• **EXERCISE REQUIREMENTS**
Beginning at the line that contains "this 1600×1200 image." and finishing at the line that contains "this 1600×900 image.", output the data below exactly. Include both end lines and no pictures.

• **EXTRACTED MATERIAL**
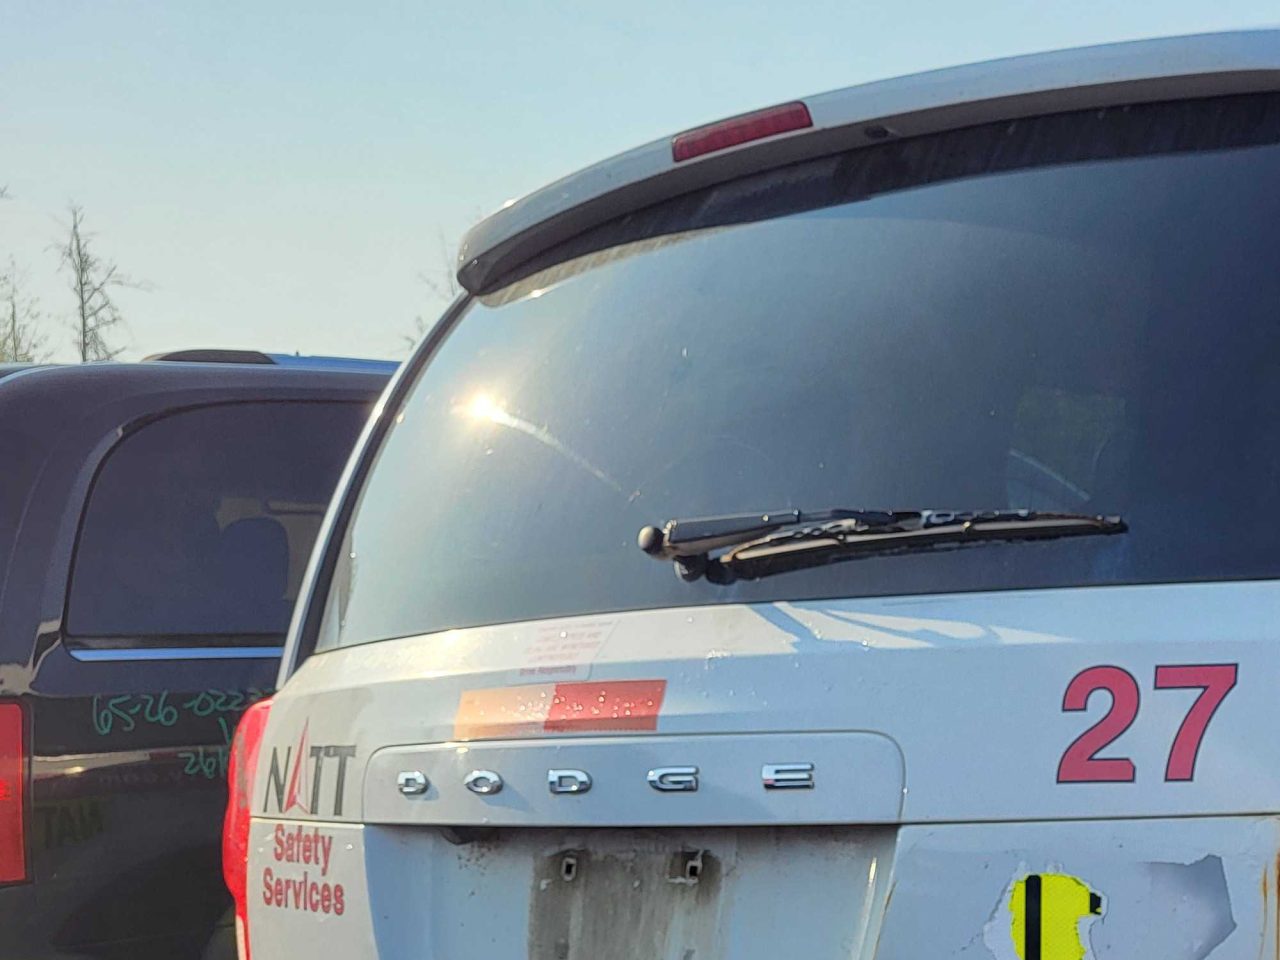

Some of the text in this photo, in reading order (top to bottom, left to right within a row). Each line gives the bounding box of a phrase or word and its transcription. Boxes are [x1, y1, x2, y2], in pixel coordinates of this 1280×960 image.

...

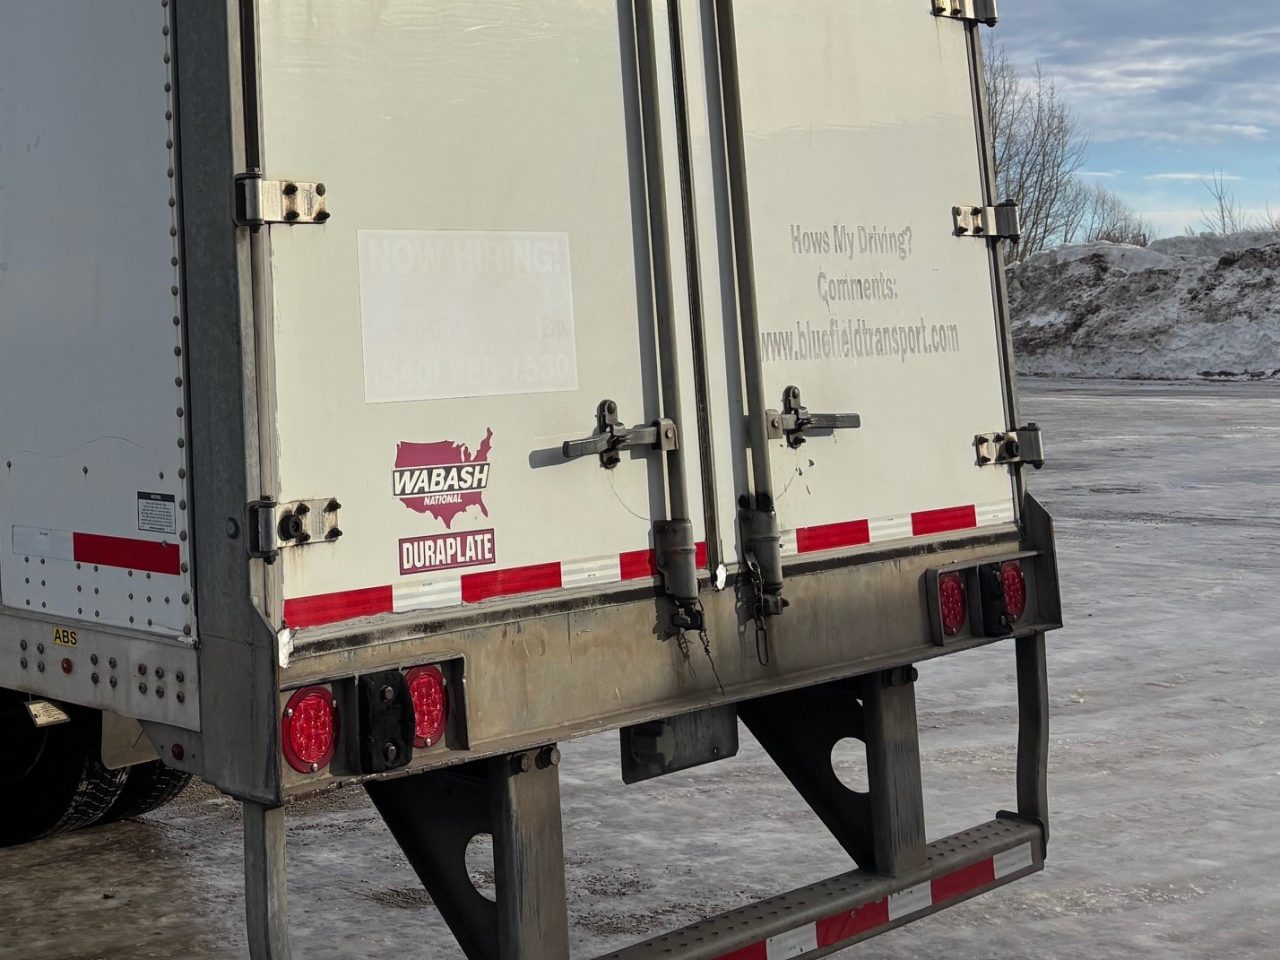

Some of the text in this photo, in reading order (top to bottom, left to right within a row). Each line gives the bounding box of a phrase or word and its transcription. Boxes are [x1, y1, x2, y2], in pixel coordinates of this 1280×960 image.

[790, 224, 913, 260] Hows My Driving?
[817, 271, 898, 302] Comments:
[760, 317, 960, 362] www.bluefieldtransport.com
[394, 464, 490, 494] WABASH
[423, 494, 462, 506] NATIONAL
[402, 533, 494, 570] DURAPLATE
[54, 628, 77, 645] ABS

...

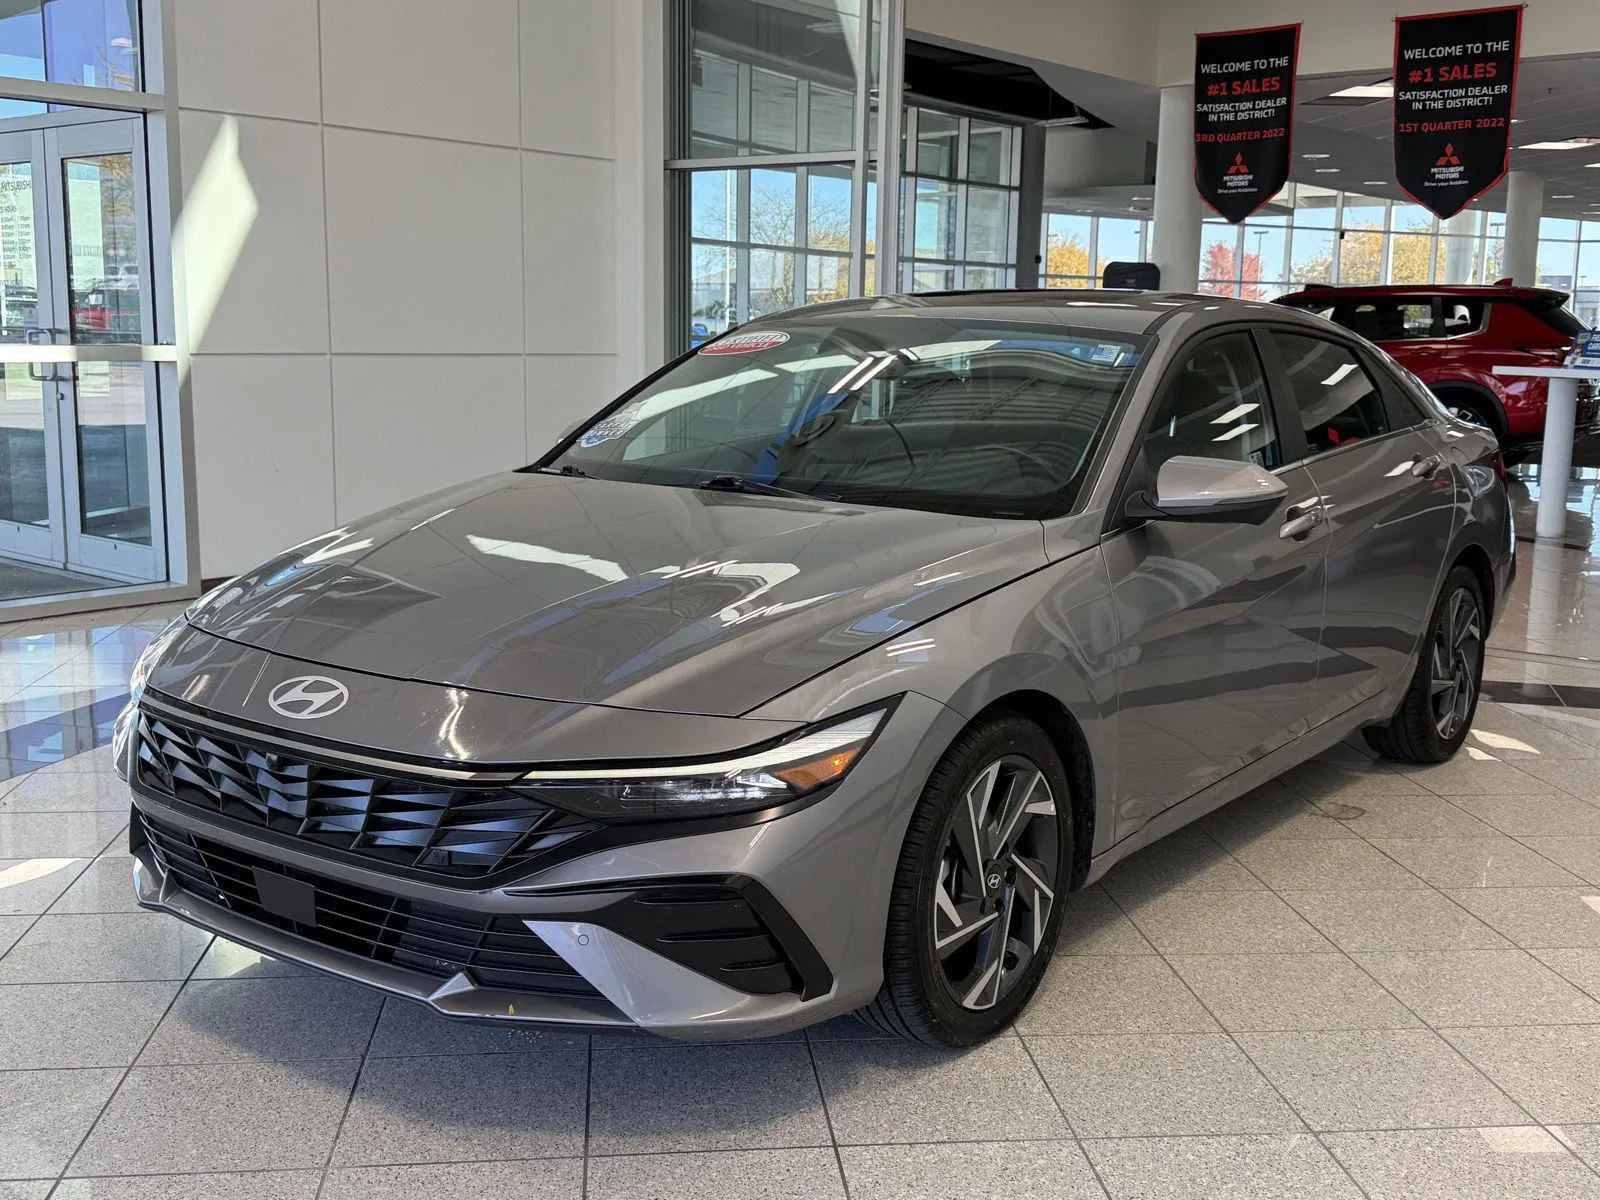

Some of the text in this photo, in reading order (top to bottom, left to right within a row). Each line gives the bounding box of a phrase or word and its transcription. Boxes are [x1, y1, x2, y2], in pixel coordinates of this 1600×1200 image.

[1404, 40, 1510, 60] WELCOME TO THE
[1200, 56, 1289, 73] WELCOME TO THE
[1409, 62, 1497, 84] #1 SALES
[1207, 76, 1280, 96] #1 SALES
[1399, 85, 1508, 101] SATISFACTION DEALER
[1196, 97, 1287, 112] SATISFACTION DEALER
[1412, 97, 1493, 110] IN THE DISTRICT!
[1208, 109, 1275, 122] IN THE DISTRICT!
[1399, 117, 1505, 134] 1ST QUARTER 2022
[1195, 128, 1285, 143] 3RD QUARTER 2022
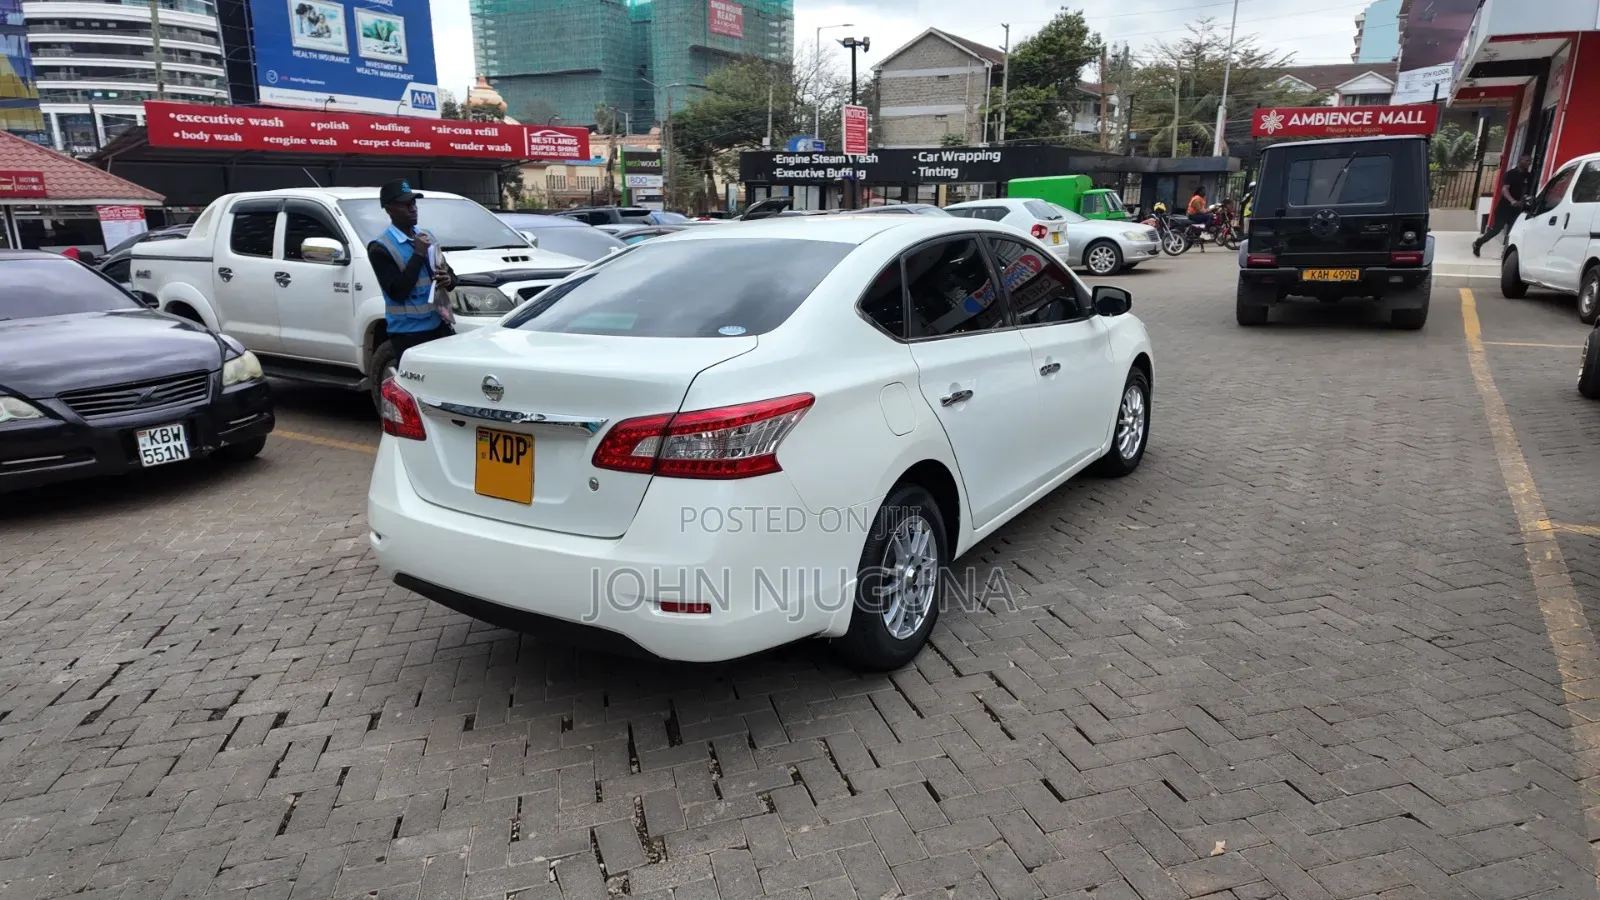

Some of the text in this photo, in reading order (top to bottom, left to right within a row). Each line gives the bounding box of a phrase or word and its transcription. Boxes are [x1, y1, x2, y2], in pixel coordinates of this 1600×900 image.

• **SOLVED EXERCISE**
Some of the text in this photo, in reading order (top to bottom, left to right within a row). Each line gives the bounding box of a phrase or word and its transcription. Boxes are [x1, y1, x2, y2], in pixel coordinates of this 1600×1200 image.

[1404, 40, 1510, 60] WELCOME TO THE
[1200, 56, 1289, 73] WELCOME TO THE
[1409, 62, 1497, 84] #1 SALES
[1207, 76, 1280, 96] #1 SALES
[1399, 85, 1508, 101] SATISFACTION DEALER
[1196, 97, 1287, 112] SATISFACTION DEALER
[1412, 97, 1493, 110] IN THE DISTRICT!
[1208, 109, 1275, 122] IN THE DISTRICT!
[1399, 117, 1505, 134] 1ST QUARTER 2022
[1195, 128, 1285, 143] 3RD QUARTER 2022

Some of the text in this photo, in reading order (top to bottom, left to right within a row). Each line gives the bounding box of a phrase or word and its transcription. Boxes are [x1, y1, x2, y2], in pixel coordinates of this 1600×900 image.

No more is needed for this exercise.